CITIID is a flagship Research Institute located within the Jeffrey Cheah Biomedical Centre (JCBC), but also includes researchers based in the Molecular Immunity Unit (embedded in the Laboratory of Molecular Biology) and within Addenbrooke’s Hospital.
The institute opened in September 2019, but its conception dates back to 2011 as part of plans for a purpose-built building, which led to a Research Partnership Infrastructure Fund being awarded in 2014. Further funding was provided by the Wolfson Foundation (2015) and Jeffrey Cheah Foundation Gift (2017), with partnerships secured with AstraZeneca, GSK and the Wellcome Trust amongst others. Construction for the JCBC commenced in 2015 and was completed in 2018/19.
The vision of CITIID is to leverage its unique, state-of-the-art laboratory facilities (JCBC houses the largest concentration of containment Level 3 laboratories in any UK academic institution), its positioning on the thriving Cambridge Biomedical Campus, and its world leading expertise in understanding and managing infectious and inflammatory diseases, to centrally coordinate responses to disease areas of future global importance. These broad research areas align to CITIID’s strategic goals: to confront pandemics with a focus on anti-microbial resistance, to develop a platform to improve our ability to perform human translational immunity and strengthen immune-mediated and infectious disease, and to develop our thinking on the links to climate and immunity. CITIID made a major contribution to the University’s response to the SARS-CoV-2 pandemic with its scientists and clinicians and a range of collaborators from across the UK and beyond, including the National Institute for Health Research (NIHR) BioResource. When the pandemic struck in early 2020, just three months after welcoming its staff through its doors, CITIID’s teams rapidly pivoted their numerous research project foci, mobilising point-of-care, rapid diagnostic testing for patients at Addenbrooke’s Hospital, part of Cambridge University Hospitals (CUH) NHS Foundation Trust, as well as developing tests for frontline healthcare workers treating COVID-19 patients.

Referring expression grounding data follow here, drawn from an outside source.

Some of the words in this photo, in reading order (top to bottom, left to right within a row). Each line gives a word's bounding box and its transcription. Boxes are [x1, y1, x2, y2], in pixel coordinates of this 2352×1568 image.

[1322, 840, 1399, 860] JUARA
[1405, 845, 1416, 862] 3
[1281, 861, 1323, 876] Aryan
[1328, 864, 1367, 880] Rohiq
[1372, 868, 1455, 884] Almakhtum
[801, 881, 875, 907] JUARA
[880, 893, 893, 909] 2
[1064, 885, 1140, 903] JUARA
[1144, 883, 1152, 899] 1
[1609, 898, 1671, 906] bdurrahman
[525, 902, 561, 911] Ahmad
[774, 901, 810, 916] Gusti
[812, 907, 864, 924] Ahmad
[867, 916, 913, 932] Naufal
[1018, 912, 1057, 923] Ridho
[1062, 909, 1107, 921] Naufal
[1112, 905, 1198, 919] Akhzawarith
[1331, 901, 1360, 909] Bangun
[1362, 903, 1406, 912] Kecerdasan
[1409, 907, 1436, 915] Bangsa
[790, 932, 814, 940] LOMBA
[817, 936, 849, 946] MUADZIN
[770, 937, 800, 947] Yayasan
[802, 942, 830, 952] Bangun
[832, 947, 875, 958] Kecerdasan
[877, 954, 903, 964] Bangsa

“Rather than a diversion, which is what I feared when the pandemic struck, this actually provided the Institute with a really solid foundation, enabling us to forge links with key partners, stimulate our collaborative ethos and make an immediate contribution to infection prevention and patient care.”
Prof Ken Smith
As the world emerged from the pandemic, CITIID’s academics turned their focus upon numerous infection and immunology strategic themes and global impact research programmes, showcased throughout the Symposium.
One such theme is the Cambridge Human Immunology Platform, enabling the creation of a large, comparable immune phenotyping data resource, which will enrich subsequent experiments. This will enable CITIID’s researchers to study immunity in patients, allowing a deep exploration of the fundamental biological aspects of immunology and translation.
CITIID’s global collaborative funded programmes are spearheaded by three major partnerships. These are the Centre for Translational Stem Cell Biology in Hong Kong, within the Centre for Life sciences in National University of Singapore (NUS), and an emerging involvement with the International Vaccines Institute (IVI) based in Seoul, South Korea, which runs several programmes in Africa.
The Opening Symposium programme of talks showcased the breadth and ambition of CITIID’S Strategic Aims:
• Ken Smith “CITIID – a new focus for Immunity and Infection”
• Paul Lehner “Post-integration genome immunity”
• Virginia Pedicord “Harnessing the Capabilities of the Gut Microbiome to Modulate Immunity”
• Lalita Ramakrishnan “Tuberculosis: lessons from the zebrafish for human treatment”
• Arthur Kaser “A purely biochemical checkpoint of autoimmunity and auto-inflammation”
• Rona Smith “Vasculitis: ideas to impact”
• Ken Smith “Predicting and reprogramming immune outcomes”
• Majdi Osman “CITIID in Africa: a growing partnership”
• Menna Clatworthy “Tissue Immunity – a systems immunology approach”
• PhD/Early Career Researchers “Fast Talks”
o Bo Meng
o Isobel Ramsay
o Yanci Liu
o Brian Ortmann
Closing the Symposium, Patrick Maxwell, Regius Professor of Medicine at Cambridge, said:
“I’m delighted to be here today to celebrate CITIID’s third year. The Institute is doing fantastically well, demonstrated by the breadth of today’s talks in which we have heard from the most detailed revelation of molecular mechanism, through to really practical interventions in less privileged countries than ourselves that will save lives. I’m delighted to wish CITIID a happy birthday!”